The Canadian House of Commons on 6 May 2015 approved the Bill C-51, Anti-Terror Act, 2015 that empowers the country’s spy agency. It was adopted in a 183 to 96 vote.
The act would give the Canadian Security Intelligence Service (CSIS) the ability to operate overseas and make preventative arrests. It also makes it easier for police to arrest and detain individuals without charge.
Now, the bill will be sent to Senate for being approved before becoming a law.
Main Features of the Anti-terror Act
• It allows anyone suspected of being involved in a terror plot to be detained without charge for up to seven days from the present three days.
• It empowers Canadian Security Intelligence Services (CSIS), the spy agency of Canada, to thwart attacks directly in a significant expansion of their powers.
• Further, it allows CSIS to directly approach terror suspects in order to disrupt their plans as against the current practice of only collecting intelligence and passing the information on to police.

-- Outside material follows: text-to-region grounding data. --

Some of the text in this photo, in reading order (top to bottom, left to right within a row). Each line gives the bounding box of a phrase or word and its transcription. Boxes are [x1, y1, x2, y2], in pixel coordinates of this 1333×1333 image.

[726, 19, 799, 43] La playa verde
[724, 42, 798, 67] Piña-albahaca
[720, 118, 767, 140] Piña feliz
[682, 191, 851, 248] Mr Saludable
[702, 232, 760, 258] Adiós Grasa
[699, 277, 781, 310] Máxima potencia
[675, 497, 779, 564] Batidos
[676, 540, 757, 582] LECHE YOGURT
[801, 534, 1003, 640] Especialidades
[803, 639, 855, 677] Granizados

• CSIS will also be able to cancel plane or other travel reservations made by Canadians suspected of being involved in terrorism. However, the new activities by CSIS will require approval by a judge.
• It makes it a crime for a person to call for terror attacks on Canada generally or to promote or advocate others to carry out terrorism elsewhere. At present, it is a crime to make a specific threat.

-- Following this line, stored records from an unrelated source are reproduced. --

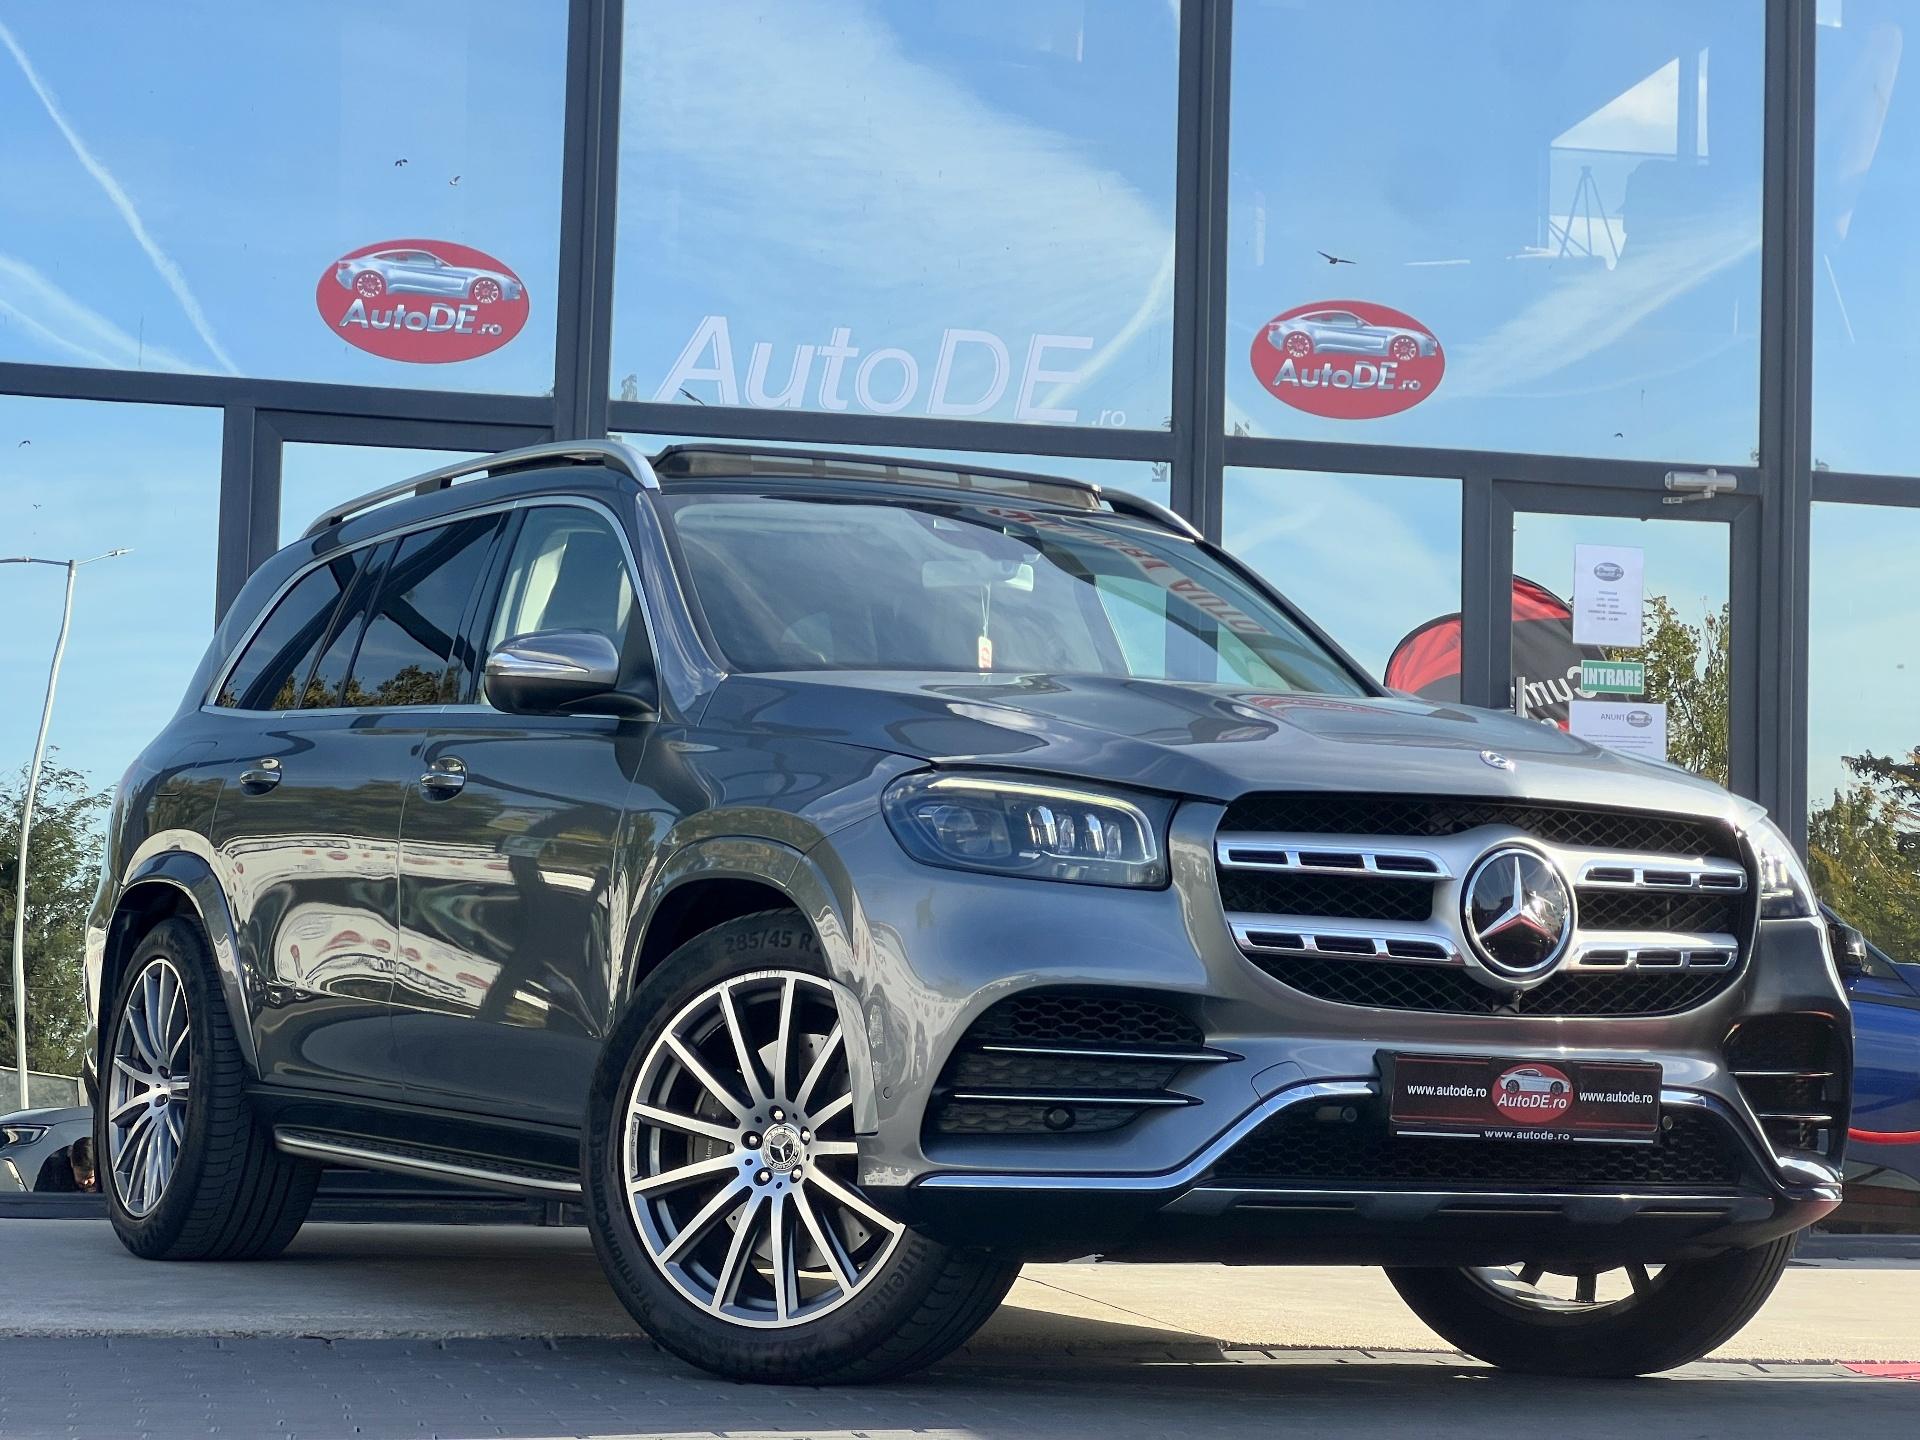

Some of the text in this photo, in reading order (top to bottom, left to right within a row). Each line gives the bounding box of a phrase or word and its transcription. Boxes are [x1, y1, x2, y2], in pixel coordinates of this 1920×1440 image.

[1583, 666, 1642, 687] INTRARE
[724, 929, 792, 955] 285/45
[1407, 1083, 1487, 1098] www.autode.ro
[1579, 1090, 1653, 1104] www.autode.ro
[1497, 1094, 1567, 1110] AutoDE.ro
[1484, 1130, 1570, 1141] www.autode.ro

• The penalty for giving public threat will be a maximum of five years in prison.
• Authorities will be able to remove terror-related material from any Canadian website.
The ant-terror bill was announced by Canadian Prime Minister Stephen Harper in January 2015 in response to attacks on Canadian territory on 22 October 2014, in which two people were killed.
In the incident, an armed assailant, identified as Michael Zehaf-Bibeau, killed a soldier at the country’s National War Memorial in Ottawa and then stormed the parliament before being shot dead by police.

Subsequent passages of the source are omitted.